Michel : Je souhaite remercier la Spuerkeess d'avoir mis en place son projet Transition Enabler, parce que c'est le trait d'union entre le rapport durable et le rapport financier. C'est sûr : si une entreprise va voir la Spuerkeess et dit "Je voudrais acheter 50 nouveaux tracteurs" et bien montrez-moi votre rapport financier. Ça coûte combien ? 6 millions d'euros ? Vous pensez le rembourser en combien de temps ? Leasing sur 5 ans ? Mais qu'est-ce qui va se passer dans 5 ans ? Ce sont des inquiétudes aujourd'hui que tout le monde a dans la tête. Alors oui, on a une situation géopolitique qui est tendue, mais je vais prendre un simple petit dicton qui dit que "sur tous les champs de bataille, il y a de l'herbe qui repousse". Aujourd'hui, le champ de bataille, il n'est pas encore en Europe, mais il est à ses frontières et le problème de fond, c'est de savoir s'il y aura de l'herbe qui va repousser dessus ? Je l'espère. Mais c'est aux banques et à l'économie de tout faire pour qu'il y en ait qui repousse.

Michel Wursteisen
Anne-Marie : Obligation ou pas obligation, ça ne remet pas en cause le fait que la durabilité reste un sujet important pour les entreprises. Je pense qu'il faut le voir comme un levier de performance pour les entreprises. D'un côté, on a le financier, de l'autre le non-financier, mais le non-financier impacte le financier aussi. Il faut le voir comme un tout, un ensemble que les entreprises doivent bien gérer. Même chose sur le plan social, parce qu'on l'oublie des fois, mais si on investit dans des mesures de formation, dans des mesures de bien-être au travail, dans des mesures qui permettent de mieux concilier la vie professionnelle avec la vie privée, cela a aussi un impact, un impact sur les employés qui sont plus motivés, qui sont plus engagés, et cela se répercute aussi sur la performance de l'entreprise. Donc plutôt que de le voir juste comme un frein au développement de l'entreprise, je pense qu'il faut le voir vraiment comme un moteur qui permet de devenir plus performant, plus résilient à l'avenir.

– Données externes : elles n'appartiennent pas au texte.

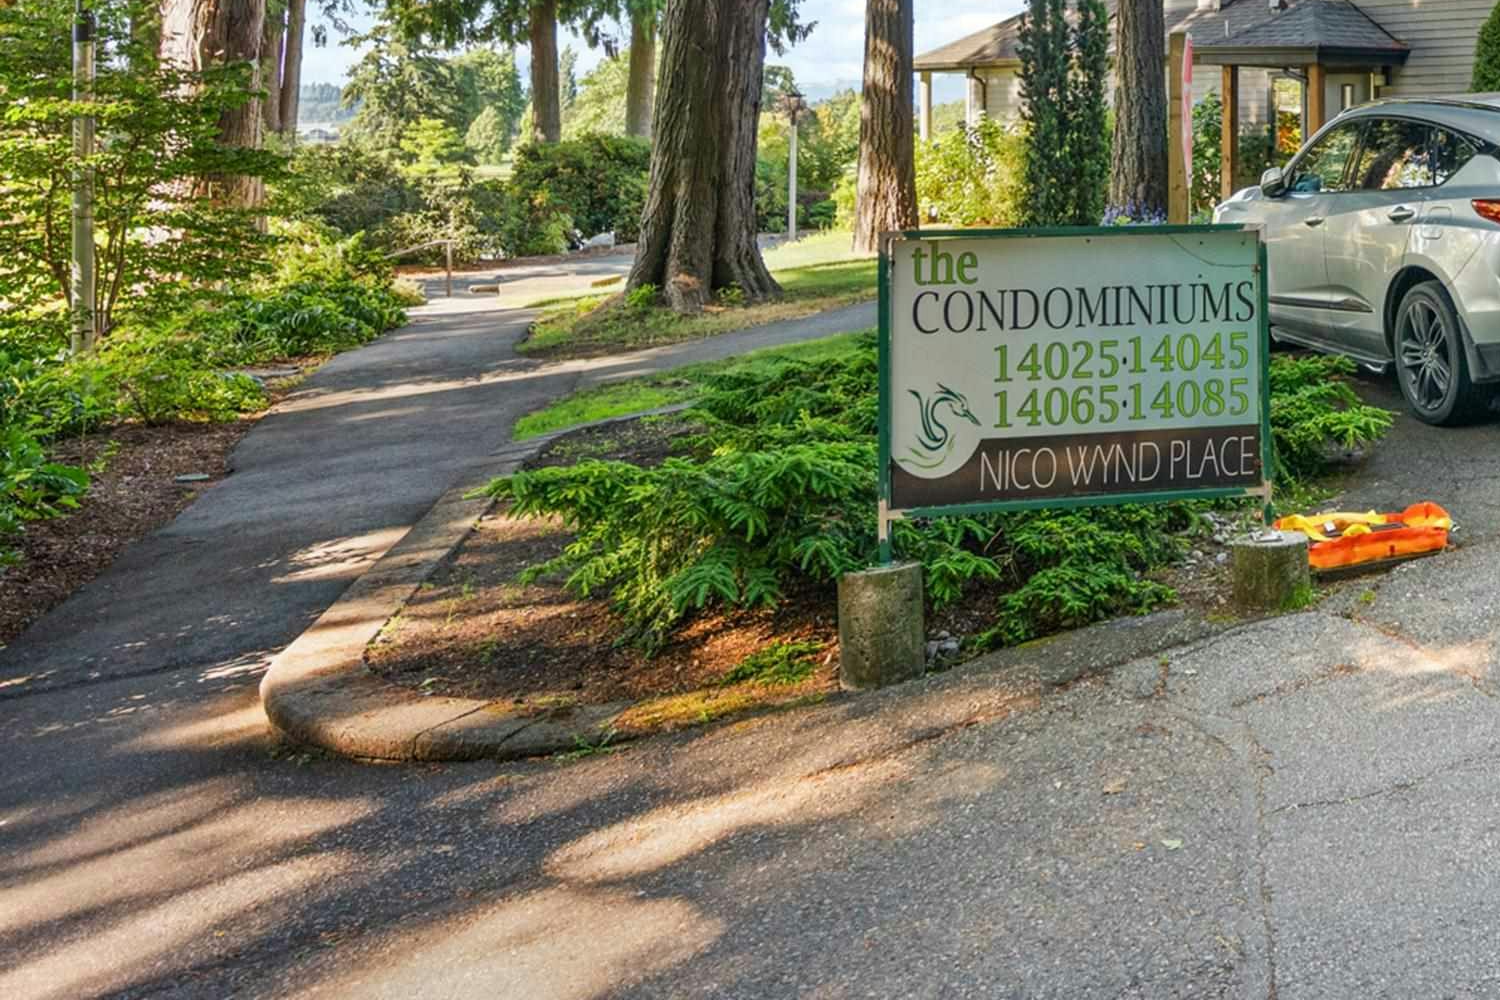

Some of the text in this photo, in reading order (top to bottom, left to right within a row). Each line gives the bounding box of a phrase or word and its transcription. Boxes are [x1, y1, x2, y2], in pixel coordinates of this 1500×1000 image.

Michel : Vous venez de toucher à un terme qui me tient particulièrement à cœur, c'est la formation. Si une entreprise, que ce soit de transport ou une ébénisterie, souhaite fournir un produit ou un service de qualité, en toute sécurité, en toute sûreté, il se doit de former ses collaborateurs. Et ça, pas seulement en face to face dans l'open space, mais dans toute sa chaîne de valeur, parce qu'il compte sur sa chaîne de valeur pour satisfaire son client final. C'est un exemple très pertinent, puisqu'en août 2023, l'entreprise Wallenborn a mis en place ce qu'on appelle Wallenborn Academy, c'est une plateforme de formation. Pourquoi on l'a mis en place ? Parce qu'au temps de la Covid, il était difficile de faire des formations face to face. Et puis c'est vrai qu'à l'époque, on était content quand les camions roulaient et on avait réussi à mettre tout en place pour pouvoir permettre à tous nos chauffeurs, à tous nos collaborateurs, dans toute la chaîne de valeur, d'être protégés tout en faisant tourner l'économie. À la fin, on avait même transporté les fameux vaccins avec escorte de police. Aujourd'hui, on a un changement climatique. C'est évident parce qu'il y a eu des tornades au Luxembourg. Alors, il n'y a peut-être plus personne qui s'en souvient, sauf les personnes qui ont dû réparer leur maison. Il y a eu des inondations en France, il y a 1500 communes qui n'ont plus d'assurances pour les bâtiments communaux. Los Angeles a brûlé. Je veux dire par là que les banques qui ont financé les villas à quelques millions de dollars, je ne sais pas comment elles vont faire pour retrouver leur argent. Donc l'impact, il est majeur. C'est une anticipation.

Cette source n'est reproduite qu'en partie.